Member of the Illinois House of Representatives from the 6th district
- In office 1876 – 1878
- In office 1884 – 1886

Personal details
- Born: October 1, 1847 Lauban, Prussia
- Died: June 6, 1907 (aged 59)
- Party: Republican
- Profession: Publisher

= Eugene A. Sittig =

American politician

Eugene Alexander Sittig (October 1, 1847 – June 6, 1907) was a German American publisher and politician from Prussia. Immigrating with his family as an infant, Sittig apprenticed as a blacksmith in Chicago, Illinois. He later joined the advertising department of a German language paper. Sittig spent most of his career editing papers directed at Chicago's German audiences. He was twice elected to the Illinois House of Representatives

==Biography==
Eugene Alexander Sittig was born in Lauban, Prussia on October 1, 1847. His parents immigrated to the United States with him when he was an infant. They first settled in Kenosha, Wisconsin, then moved to Dubuque, Iowa. Sittig attended public school, then apprenticed as a blacksmith in Chicago, Illinois. He returned to Dubuque at age 19 upon the death of his father to settle family affairs. He then returned to Chicago to work in the shoe business. Finding little success, he took a new job in the advertising department of the Chicagoer Volkszeitung, a paper owned by his former blacksmith mentor F. A. Jensch.

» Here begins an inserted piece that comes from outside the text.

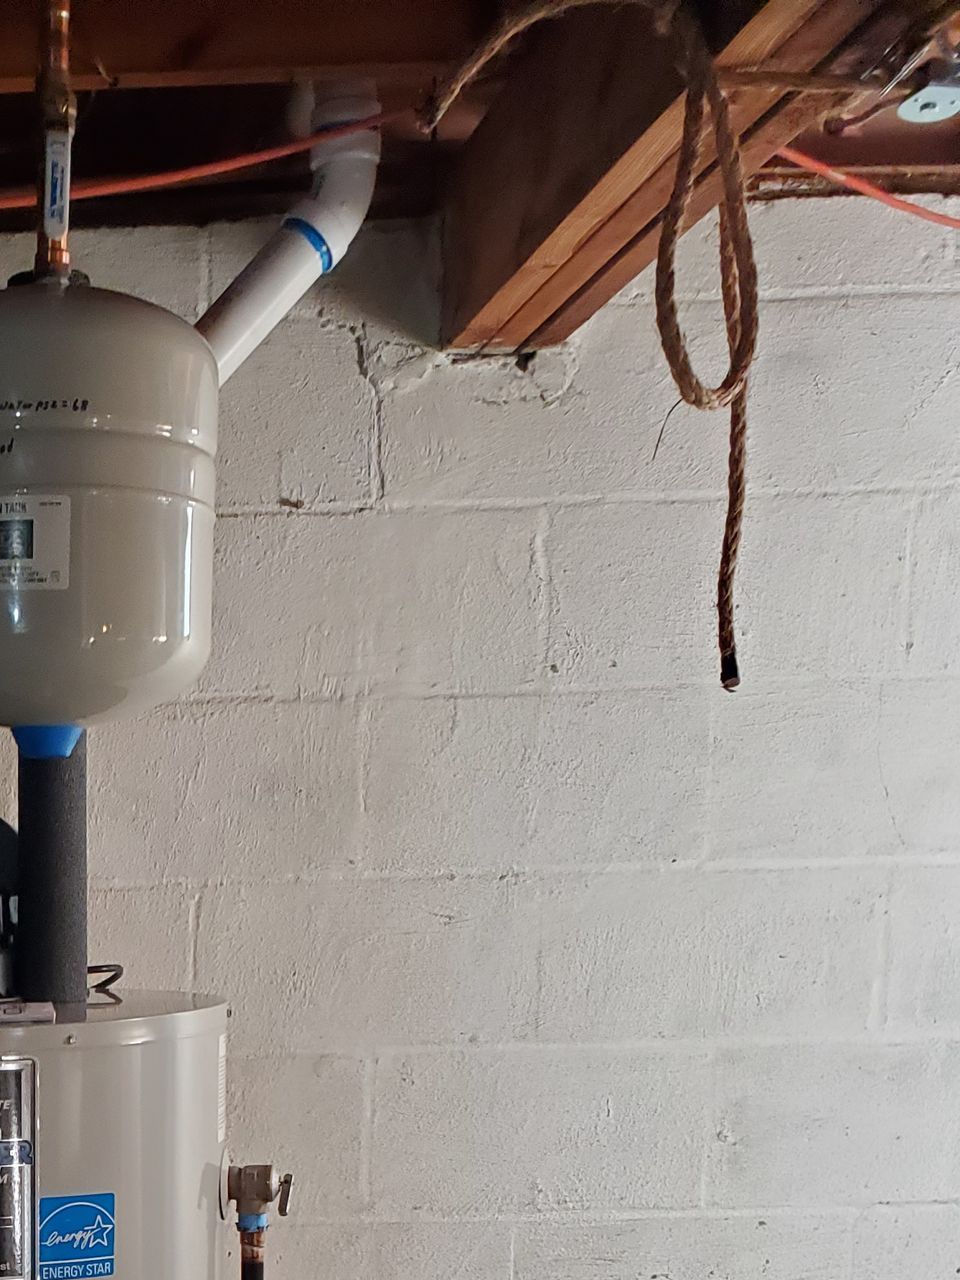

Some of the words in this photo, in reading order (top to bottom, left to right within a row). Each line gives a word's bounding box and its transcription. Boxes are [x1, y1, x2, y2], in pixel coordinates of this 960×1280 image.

Sittig had several successful years at the company before leaving to co-publish the weekly The Business Guide. He then worked with a series of German-centric publications, including the Freie Presse, the Handels-Zeitung, German American Miller, and Deutsche Industrie. Later in his life he edited the Brewer and Maltster, a brewing trade journal. In 1876, Sittig was elected to the Illinois House of Representatives as a Republican, serving a two-year term. In 1884, he was again elected to the house for another two-year term. During this second term, Sittig gained notoriety as the vote that broke a 102–102 stalemate in the house concerning the re-election of John A. Logan as a U.S. Senator.

While in Dubuque tending to his family, Sittig married. They had two children: Jenny and William A., the latter of which frequently worked under his father. His wife died in 1898 and Sittig married Anna Weidner. Sittig was a Freemason and was a member of the Germania Club and Chicago Press Club. Sittig died on June 6, 1907, from complications of pneumonia. He was buried in Rosehill Cemetery in Chicago.